San Francisco’s offense never seemed to stand a chance against the Seahawks. The Niners went three-and-out on three possessions in the first half, and two drives in the game ended when Colin Kaepernick threw interceptions right into the arms of his nemesis, cornerback Richard Sherman. One of those came midway through the fourth quarter with the 49ers trailing by 16.

And, yeah, Harbaugh admitted those were throws that probably shouldn’t have left Kaepernick’s hand.

“We don’t look at interceptions as throws you should make,” Harbaugh said during a short, clipped postgame press conference.

Sherman nearly had a third pick in the second quarter but was unable to hold on.

The 49ers couldn’t run against Seattle’s active front seven and couldn’t get open against the visitors’ physical defensive backs.

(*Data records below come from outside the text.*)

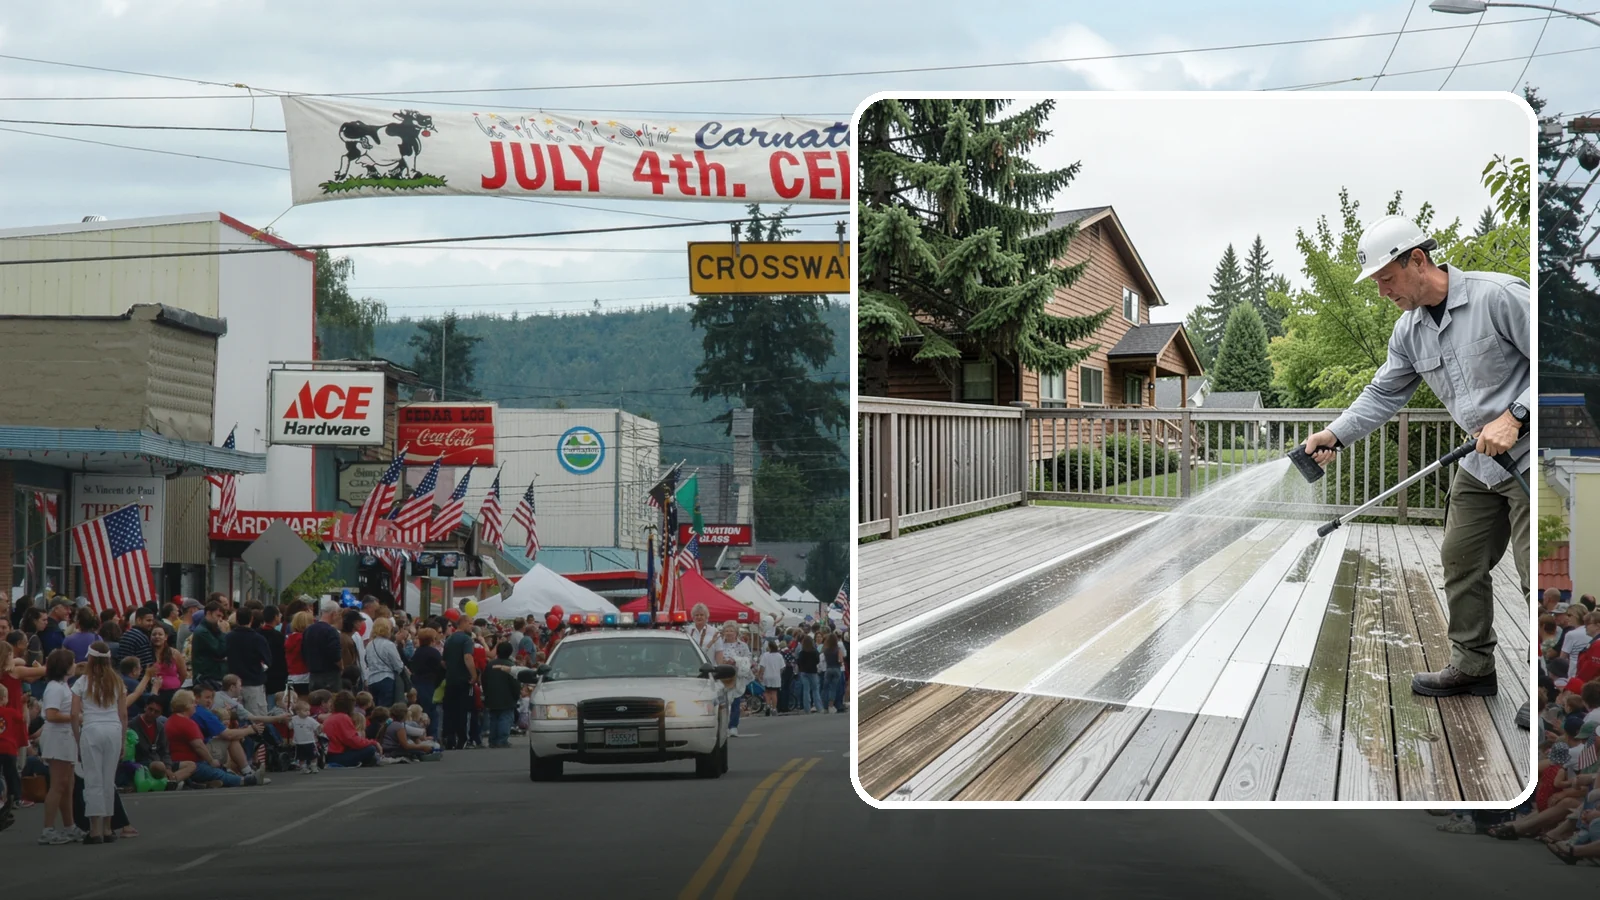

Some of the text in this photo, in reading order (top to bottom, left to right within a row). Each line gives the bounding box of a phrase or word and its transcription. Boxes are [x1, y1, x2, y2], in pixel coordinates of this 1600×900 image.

[481, 141, 605, 192] JULY
[632, 150, 747, 197] 4th.
[697, 254, 850, 280] CROSSWA
[282, 380, 373, 420] ACE
[406, 409, 452, 421] CEDAR
[283, 421, 371, 436] Hardware
[416, 428, 477, 447] Coca-Cola
[354, 467, 384, 480] Simpl
[83, 485, 155, 495] St. Vincent de Paul
[81, 503, 154, 522] THT
[688, 526, 741, 535] CRNATION
[699, 535, 730, 543] GLASS

When they did, Kaepernick never found his comfort zone. He completed 16 of 29 passes for just 121 yards and the two picks, for a passer rating of 36.7. San Francisco’s longest play of the day was 16 yards.

“Football is about making plays,” left tackle Joe Staley said. “And the offense, we didn’t make plays.”

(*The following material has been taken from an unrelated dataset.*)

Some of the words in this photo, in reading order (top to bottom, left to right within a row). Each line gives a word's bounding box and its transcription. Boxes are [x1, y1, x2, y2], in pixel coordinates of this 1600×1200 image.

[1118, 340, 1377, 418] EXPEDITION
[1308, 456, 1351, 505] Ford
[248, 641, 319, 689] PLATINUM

This has become a familiar refrain against the Seahawks. This marked the sixth consecutive time the 49ers have failed to score 20 points against their rivals, including a memorable 19-17 loss in last year’s conference title game at Seattle. That one ended when Sherman deflected a pass by Kaepernick into the arms of a trailing linebacker.

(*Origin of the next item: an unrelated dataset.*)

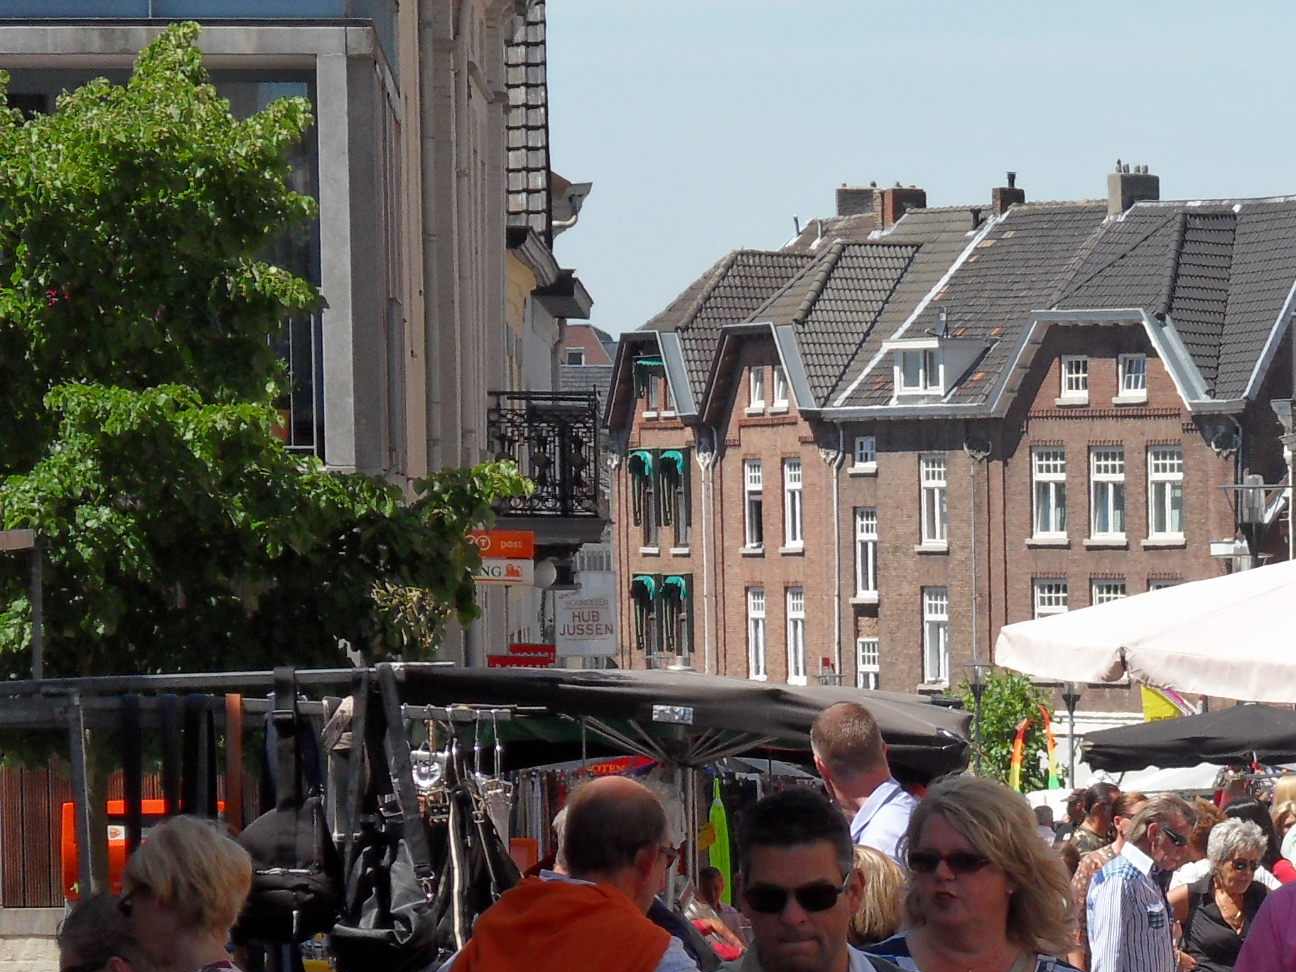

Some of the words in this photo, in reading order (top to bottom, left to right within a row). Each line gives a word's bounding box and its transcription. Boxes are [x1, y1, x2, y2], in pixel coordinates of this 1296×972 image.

[500, 540, 523, 550] post
[572, 610, 600, 622] HUB
[559, 623, 614, 636] JUSSEN

The Niners’ defense was solid Thursday, coming up with a couple of stands inside the 10-yard line, but was prone to giving up big plays on not-very-long passes. That included a play on which San Francisco’s Dontae Johnson barely missed a sack on a corner blitz and Russell Wilson found tight end Tony Moeaki for a 63-yard gain that fell a half-yard short of the end zone. It also included a wheel route by Seattle running back Robert Turbin that netted 34 yards. Both of those set up Seahawks field goals.

Really, neither offense could do a thing early. When the Seahawks finally broke through, it was set up by an interception, Sherman staring down Kaepernick and picking off a pass intended for Brandon Lloyd near midfield.

Even then, the Seahawks had to work, converting one third-and-7 via a defensive holding penalty on Johnson and one on a 24-yard pass from Wilson to Doug Baldwin on a crossing route. The touchdown came on another innocuous-looking pass when the 49ers left Turbin wide open in the left flat and Wilson found him for a 13-yard touchdown.

The second half was sluggish and mostly uneventful, and that suited the Seahawks just fine. They received the third-quarter kickoff and marched 65 yards in 11 plays to set up Steven Hauschka’s third field goal. The 49ers got the ball and went 59 yards in 12 plays, finishing with Phil Dawson’s 49-yard kick to cut the score to 16-3.

Those two drives ate up all but 1:06 of the third quarter. Even if the 49ers had kept moving the ball, they wouldn’t have enough time to even things up at that rate.

As it turned out, they had no points left in the tank. The Seahawks would add one more field goal to bring the score to 19-3, and the 49ers would lick their wounds and wonder about a season that has gotten away from them.

Even the fans who gave up Thanksgiving dinner to watch their favorite team ran out of patience at some point. Plenty of seats had gone empty by the fourth quarter, and the offense heard some boos.

“I sense the fans’ frustration,” Staley said. “I mean, we’re frustrated. They show up on Sundays and cheer for the team and we give our lives to the sport - all the hard work, all the sacrifice our families go through. And then to come out and play this way is disheartening.”

As are the 49ers’ playoff prospects.